The 8-aminoquinolines, primaquine and tafenoquine, are the only available drugs for the radical cure of Plasmodium vivax hypnozoites. Previous evidence suggests that there is dose-dependent 8-aminoquinoline induced methaemoglobinaemia and that higher methaemoglobin concentrations are associated with a lower risk of Pvivax recurrence. We undertook a systematic review and individual patient data meta-analysis to examine the utility of methaemoglobin as a population-level surrogate endpoint for 8-aminoquinoline antihypnozoite activity to prevent Pvivax recurrence.

Methods and findings

We conducted a systematic search of Medline, Embase, Web of Science, and the Cochrane Library, from 1 January 2000 to 29 September 2022, inclusive, of prospective clinical efficacy studies of acute, uncomplicated Pvivax malaria mono-infections treated with radical curative doses of primaquine. The day 7 methaemoglobin concentration was the primary surrogate outcome of interest. The primary clinical outcome was the time to first Pvivax recurrence between day 7 and day 120 after enrolment. We used multivariable Cox proportional-hazards regression with site random-effects to characterise the time to first recurrence as a function of the day 7 methaemoglobin percentage (log base 2 transformed), adjusted for the partner schizonticidal drug, the primaquine regimen duration as a proxy for the total primaquine dose (mg base/kg), the daily primaquine dose (mg/kg), and other factors. The systematic review protocol was registered with PROSPERO (CRD42023345956).
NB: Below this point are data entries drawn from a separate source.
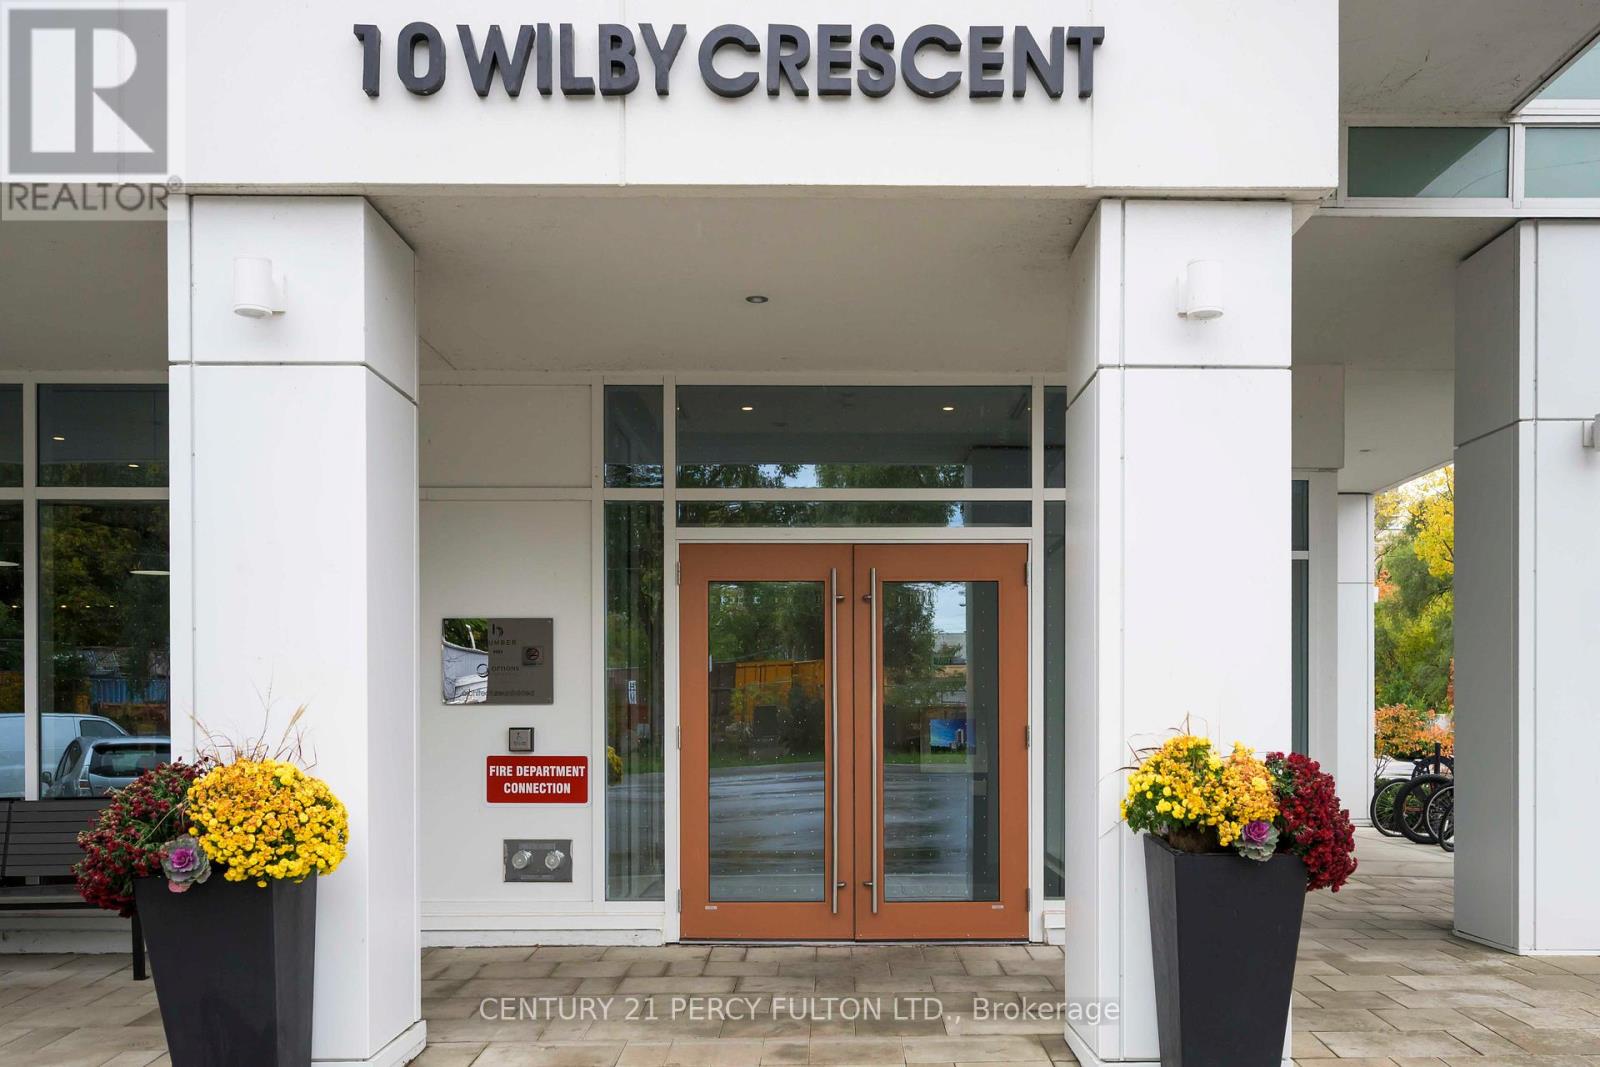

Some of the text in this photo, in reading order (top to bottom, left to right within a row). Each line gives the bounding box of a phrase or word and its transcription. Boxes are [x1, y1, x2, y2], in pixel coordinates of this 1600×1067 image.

[354, 22, 1105, 98] 10 WILBY CRESCENT
[489, 765, 586, 777] FIRE DEPARTMENT
[503, 782, 571, 794] CONNECTION
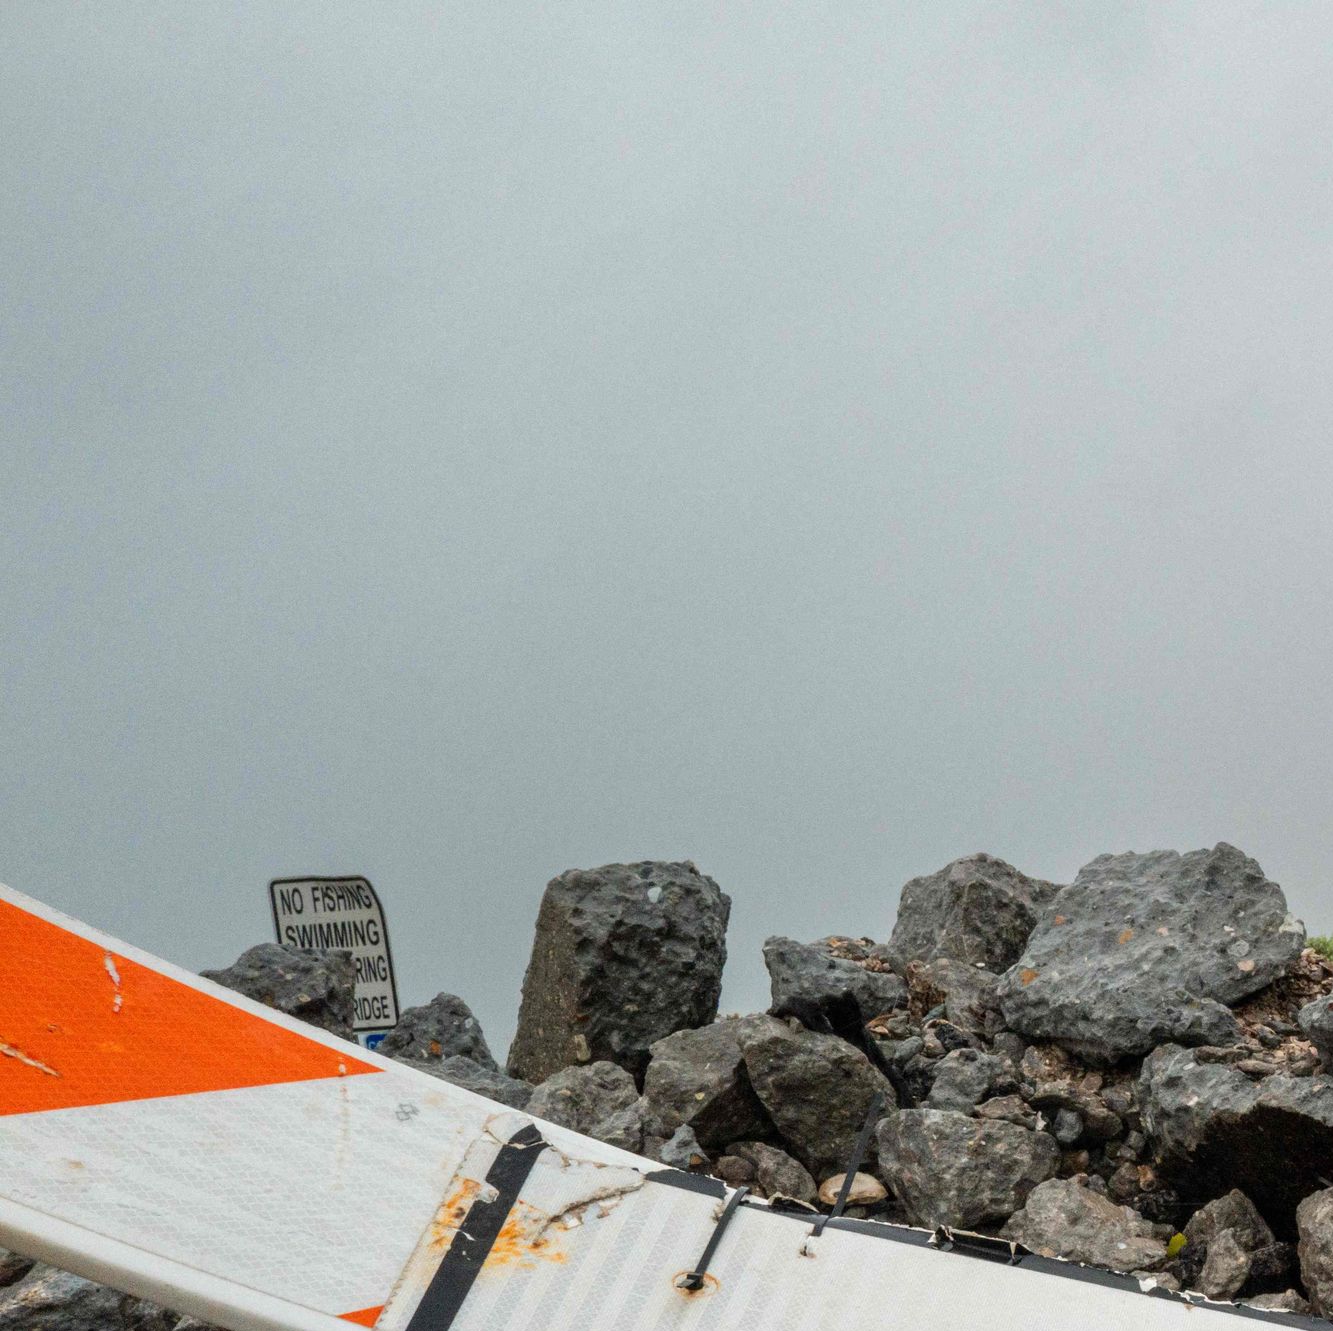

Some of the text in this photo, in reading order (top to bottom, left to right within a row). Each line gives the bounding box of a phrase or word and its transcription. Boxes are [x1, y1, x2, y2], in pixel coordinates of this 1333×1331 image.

[280, 885, 372, 915] NO FISHING
[285, 919, 380, 948] SWIMMING
[352, 995, 390, 1021] RIDGE
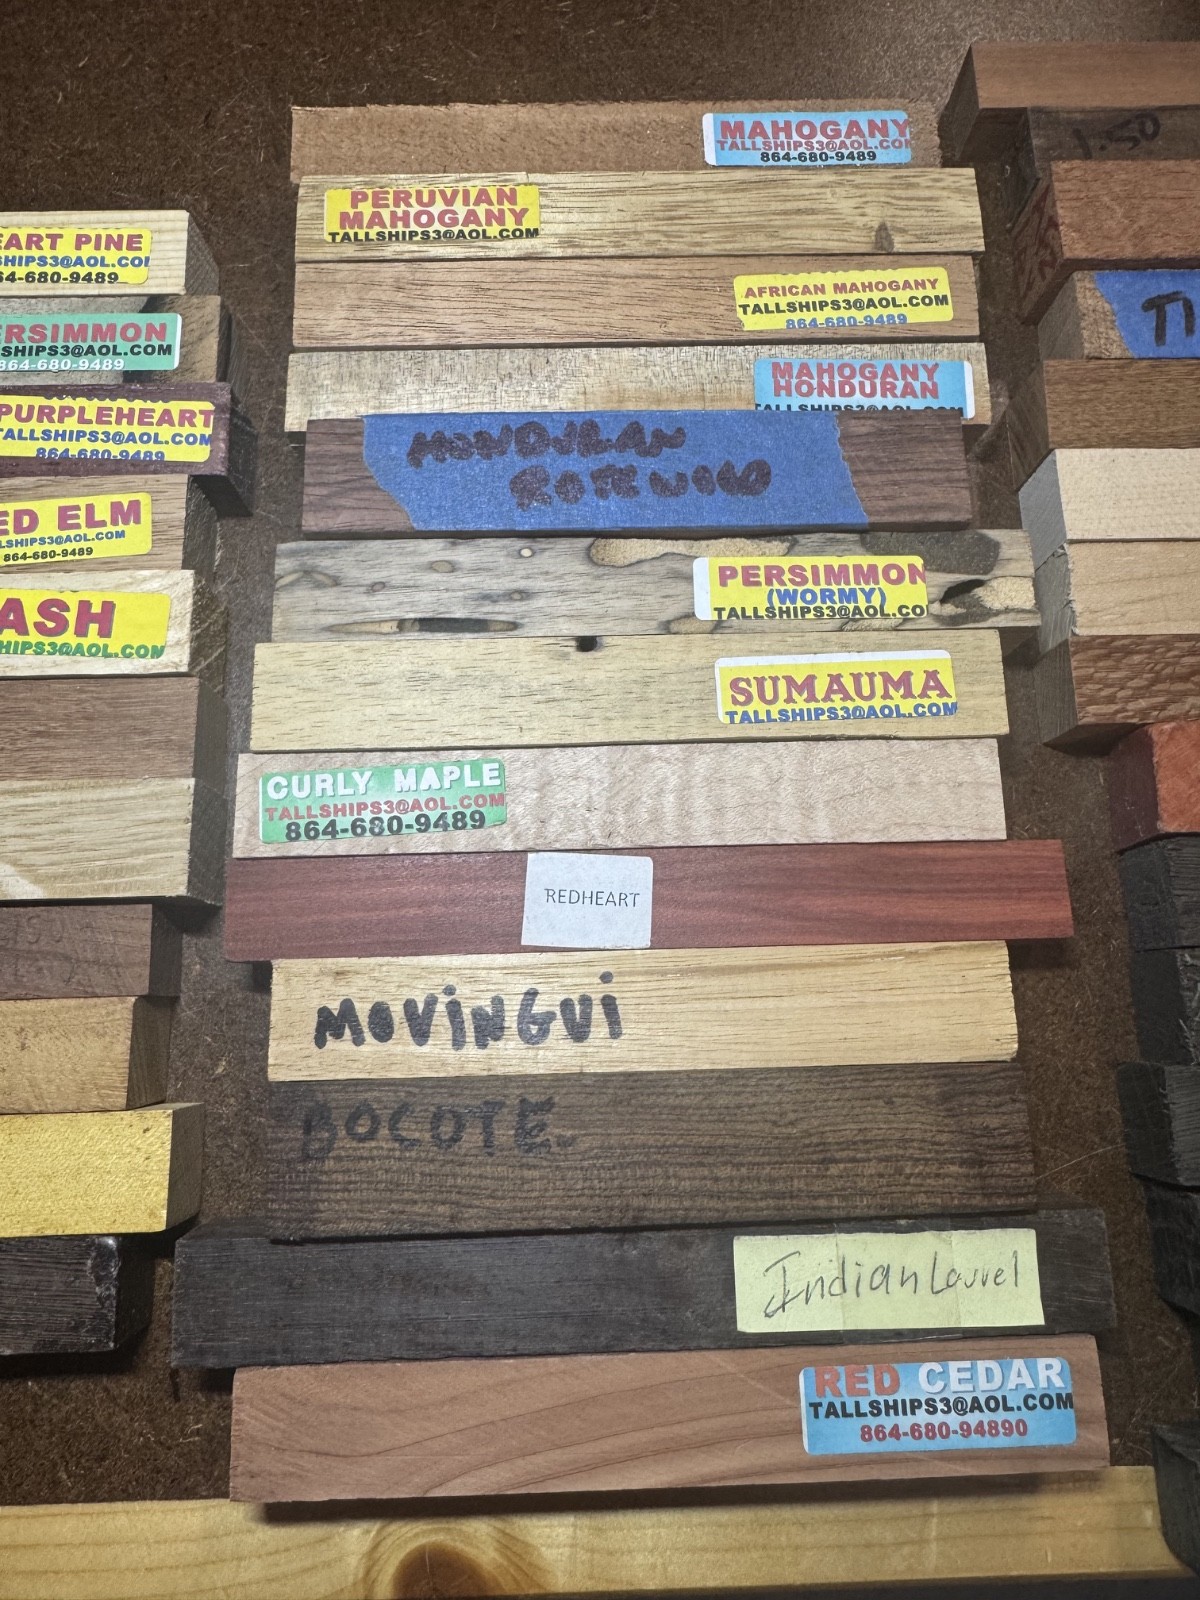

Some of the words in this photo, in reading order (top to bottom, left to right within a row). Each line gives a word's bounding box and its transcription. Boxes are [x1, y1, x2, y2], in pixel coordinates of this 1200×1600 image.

[718, 118, 911, 140] MAHOGANY
[760, 150, 877, 163] 864-680-9489
[350, 187, 518, 209] PERUVIAN
[339, 207, 530, 230] MAHOGANY
[0, 233, 64, 251] ART
[74, 234, 144, 251] PINE
[328, 227, 539, 243] TALLSHIPS3@AOL.COM
[0, 255, 150, 268] HIPS3@AOL.CO
[744, 284, 827, 299] AFRICAN
[833, 278, 939, 296] MAHOGANY
[738, 294, 950, 316] TALLSHIPS3@AOL.COM
[785, 313, 908, 330] 864-680-9489
[0, 323, 168, 344] RSIMMON
[771, 362, 940, 383] MAHOGANY
[772, 379, 940, 400] HONDURAN
[0, 403, 215, 428] PURPLEHEART
[36, 447, 166, 461] 864-680-9489
[57, 499, 142, 532] ELM
[3, 547, 94, 562] 864-680-9489
[718, 563, 927, 588] PERSIMMON
[767, 586, 887, 608] (WORMY)
[0, 597, 117, 639] ASH
[713, 605, 928, 620] TALLSHIPS3@AOL.CO
[729, 669, 953, 707] SUMAUMA
[725, 702, 958, 725] TALLSHIPS3@AOL.COM
[266, 771, 373, 801] CURLY
[394, 763, 501, 794] MAPLE
[265, 793, 506, 822] TALLSHIPS3@AOL.COM
[285, 810, 487, 842] 864-680-9489
[545, 888, 640, 908] REDHEART
[763, 1250, 919, 1318] Indian
[815, 1364, 901, 1399] RED
[918, 1357, 1067, 1394] CEDAR
[808, 1392, 1075, 1420] TALLSHIPS3@AOL.COM
[860, 1418, 1028, 1443] 864-680-94890
We identified 219 Pvivax efficacy studies, of which 8 provided relevant individual-level data from patients treated with primaquine; all were randomised, parallel arm clinical trials assessed as having low or moderate risk of bias. In the primary analysis data set, there were 1,747 patients with normal glucose-6-phosphate dehydrogenase (G6PD) activity enrolled from 24 study sites across 8 different countries (Indonesia, Brazil, Vietnam, Thailand, Peru, Colombia, Ethiopia, and India). We observed an increasing dose-response relationship between the daily weight-adjusted primaquine dose and day 7 methaemoglobin level. For a given primaquine dose regimen, an observed doubling in day 7 methaemoglobin percentage was associated with an estimated 30% reduction in the risk of Pvivax recurrence (adjusted hazard ratio = 0.70; 95% confidence interval [CI] [0.57, 0.86]; p = 0.0005). These pooled estimates were largely consistent across the study sites. Using day 7 methaemoglobin as a surrogate endpoint for recurrence would reduce required sample sizes by approximately 40%. Study limitations include the inability to distinguish between recrudescence, reinfection, and relapse in Pvivax recurrences.

Conclusions

For a given primaquine regimen, higher methaemoglobin on day 7 was associated with a reduced risk of Pvivax recurrence. Under our proposed causal model, this justifies the use of methaemoglobin as a population-level surrogate endpoint for primaquine antihypnozoite activity in patients with Pvivax malaria who have normal G6PD activity.